» **TASK INPUT**
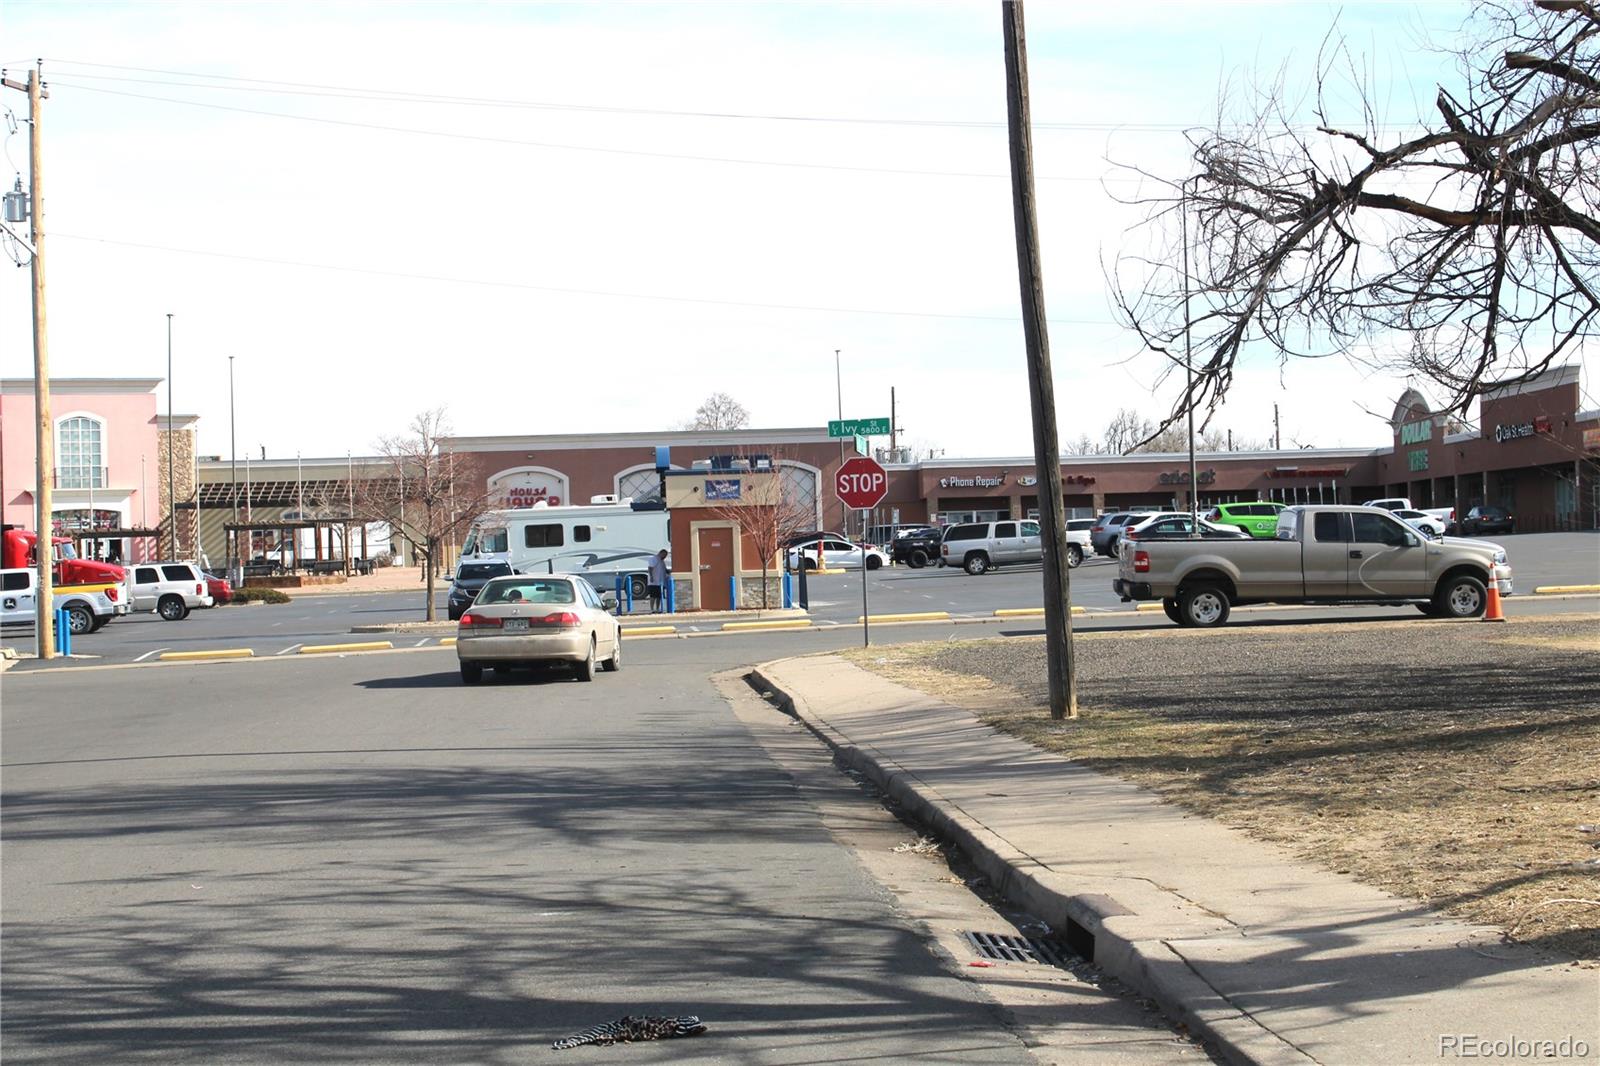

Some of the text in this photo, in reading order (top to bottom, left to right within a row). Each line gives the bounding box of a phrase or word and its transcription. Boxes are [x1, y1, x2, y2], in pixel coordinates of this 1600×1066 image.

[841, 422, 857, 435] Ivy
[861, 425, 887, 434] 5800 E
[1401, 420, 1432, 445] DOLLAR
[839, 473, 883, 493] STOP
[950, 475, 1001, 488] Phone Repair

» **WORK INSTRUCTIONS**
Output all of the data exactly. Skip the pictures.

» **RESPONSE AREA**
Some of the text in this photo, in reading order (top to bottom, left to right within a row). Each line gives the bounding box of a phrase or word and its transcription. Boxes are [x1, y1, x2, y2], in pixel coordinates of this 1600×1066 image.

[841, 422, 857, 435] Ivy
[861, 425, 887, 434] 5800 E
[1401, 420, 1432, 445] DOLLAR
[839, 473, 883, 493] STOP
[950, 475, 1001, 488] Phone Repair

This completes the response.